After the finish annealing, a step of forming an insulating coating is carried out as necessary. Here, the process of forming the insulating coating is not particularly limited, and the coating and drying of the insulating coating may be performed by a known method using the known insulating coating treatment liquid as described above.
[0063]
The surface of the base material on which the insulating coating is formed may be subjected to any pretreatment such as degreasing treatment with alkali or pickling treatment with hydrochloric acid, sulfuric acid, phosphoric acid, etc. before applying the treatment liquid.

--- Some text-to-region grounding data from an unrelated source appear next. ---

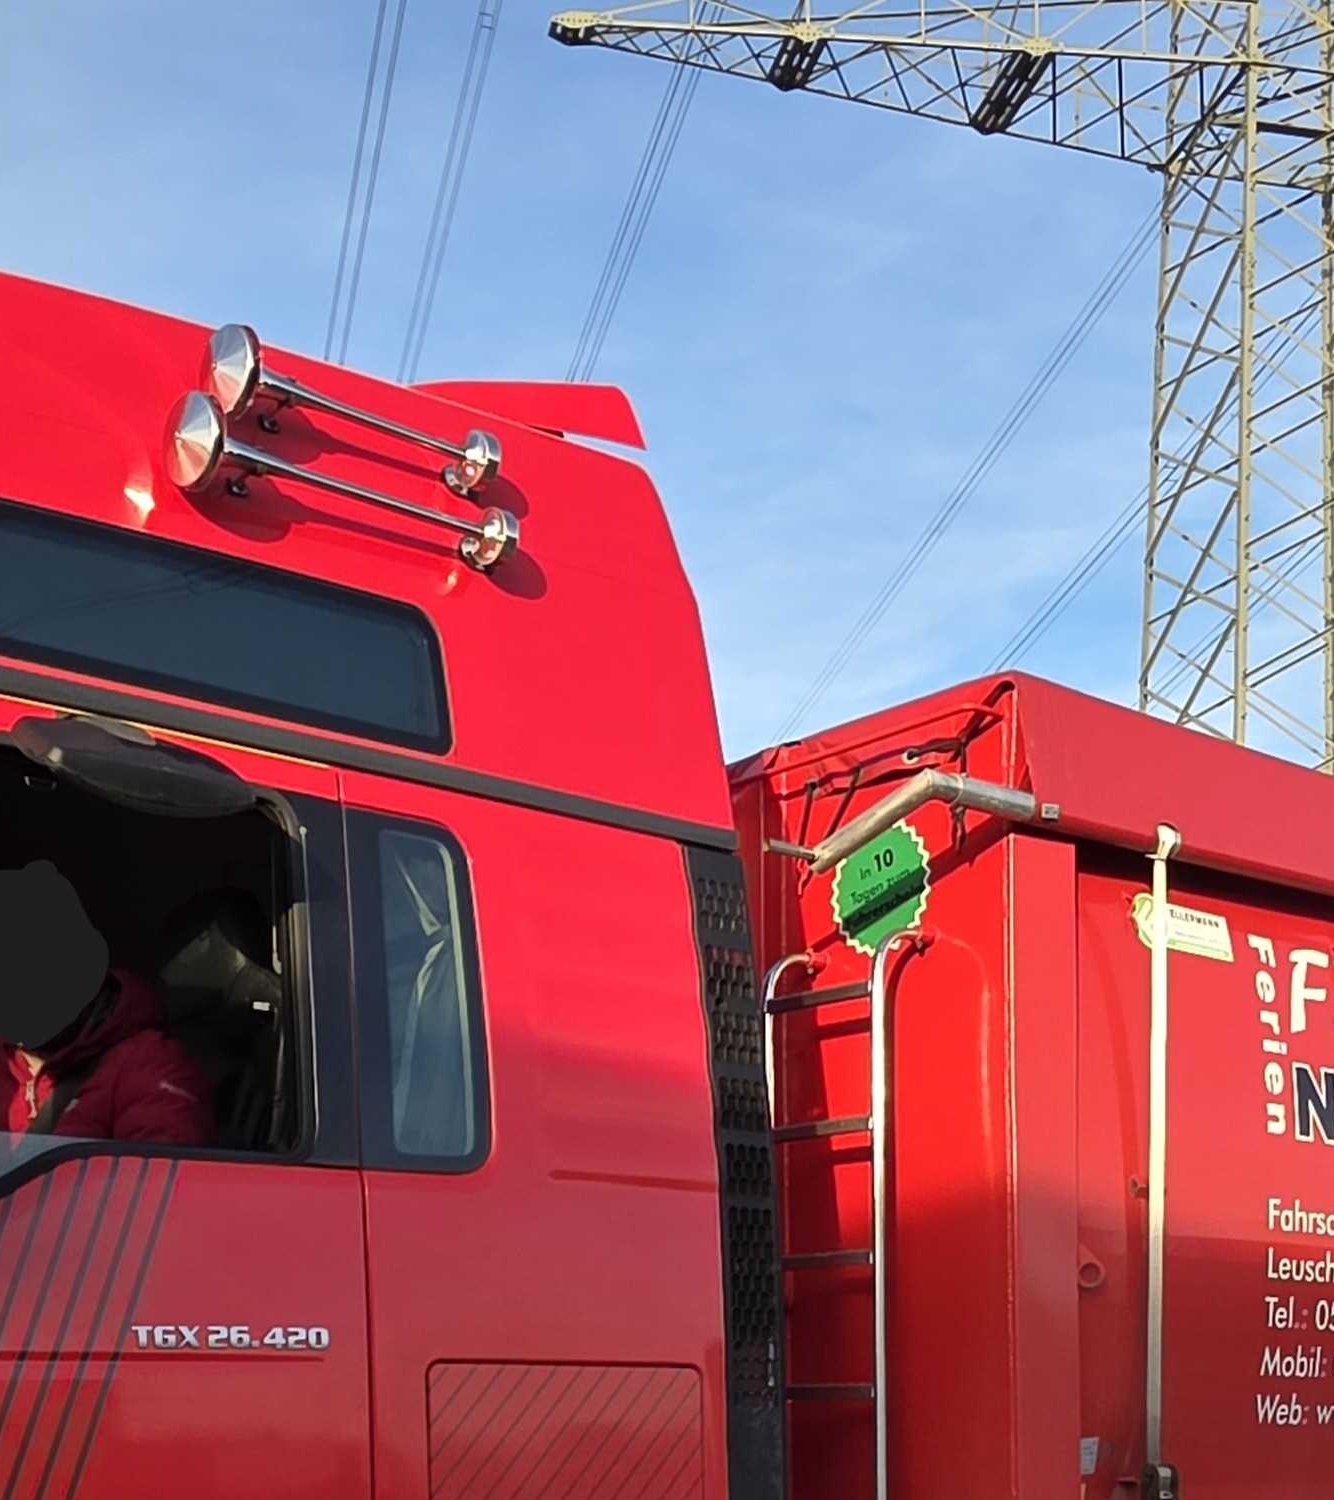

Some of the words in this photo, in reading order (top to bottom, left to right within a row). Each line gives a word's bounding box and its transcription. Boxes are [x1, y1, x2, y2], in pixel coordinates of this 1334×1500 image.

[873, 848, 894, 872] 10
[1246, 933, 1288, 1135] Ferien
[1264, 1296, 1309, 1330] Tel.:
[130, 1325, 201, 1348] TGX
[207, 1325, 330, 1349] 26.420
[1259, 1345, 1328, 1379] Mobil:
[1256, 1393, 1309, 1426] Web:

Alternatively, the surface may be left as it is after finish annealing without performing these pretreatments.
[0064]
The present disclosure will be described in more detail below with reference to examples, but the present disclosure is not limited to these examples.

The scope of the claims
[Claim 1]
　The chemical composition of the base material is % by mass,
C: 0.0010 to 0.0040%,
Si: 3.5 to 4.9%,
Mn: 0.05-0.20%,
Al: 0.05-0.45%,
P: 0.030% or less,
S: 0.0030% or less,
N: 0.0030% or less,
O: 0.0100 to 0.0400%,
Ca: less than 0.0010%,
Ti: less than 0.0050%,
Nb: less than 0.0050%,
Zr: less than 0.0050%,
V: less than 0.0050%,
Cu: less than 0.20%,
Ni: less than 0.50%,
Sn: 0 to 0.05%,
Sb: 0 to 0.05%, and
The balance: Fe and impurities, and
satisfying the following formula (i),
The O content in the region excluding the position of 10 μm in the depth direction from the surface of the base material is less than 0.0050%,
　Non-oriented electrical steel sheet.
4.0 ≤ Si + Al ≤ 5.0 (i)
However, the element symbol in the above formula (i) is the content (% by mass) of each element in the base material.
[Claim 2]
The tensile strength is 600 MPa or more,
The non-oriented electrical steel sheet according to claim 1.
[Claim 3]
having an insulating coating on the surface of the base material,
The non-oriented electrical steel sheet according to claim 1 or claim 2.
[Claim 4]
A method for manufacturing the non-oriented electrical steel sheet according to any one of claims 1 to 3,
in % by mass,
C: 0.0020-0.0060%,
Si: 3.5 to 4.9%,
Mn: 0.05-0.20%,
Al: 0.05-0.45%,
P: 0.030% or less,
S: 0.0030% or less,
N: 0.0030% or less,
O: less than 0.0050%,
Ca: less than 0.0010%,
Ti: less than 0.0050%,
Nb: less than 0.0050%,
Zr: less than 0.0050%,
V: less than 0.0050%,
Cu: less than 0.20%,
Ni: less than 0.50%,
Sn: 0 to 0.05%,
Sb: 0 to 0.05%, and
The balance: Fe and impurities, and
For a steel ingot having a chemical composition that satisfies the following formula (i),
A hot rolling process, a cold rolling process, and a final annealing process with a soaking temperature of 750 to 1050°C, a soaking time of 1 to 300 seconds, and a dew point of 0 to 50°C are performed in order.
　Method for manufacturing non-oriented electrical steel sheets.
4.0 ≤ Si + Al ≤ 5.0 (i)
However, the element symbol in the above formula (i) is the content (% by mass) of each element in the steel ingot.
[Claim 5]
A hot-rolled sheet annealing step is further provided between the hot rolling step and the cold rolling step,
A method for manufacturing the non-oriented electrical steel sheet according to claim 4.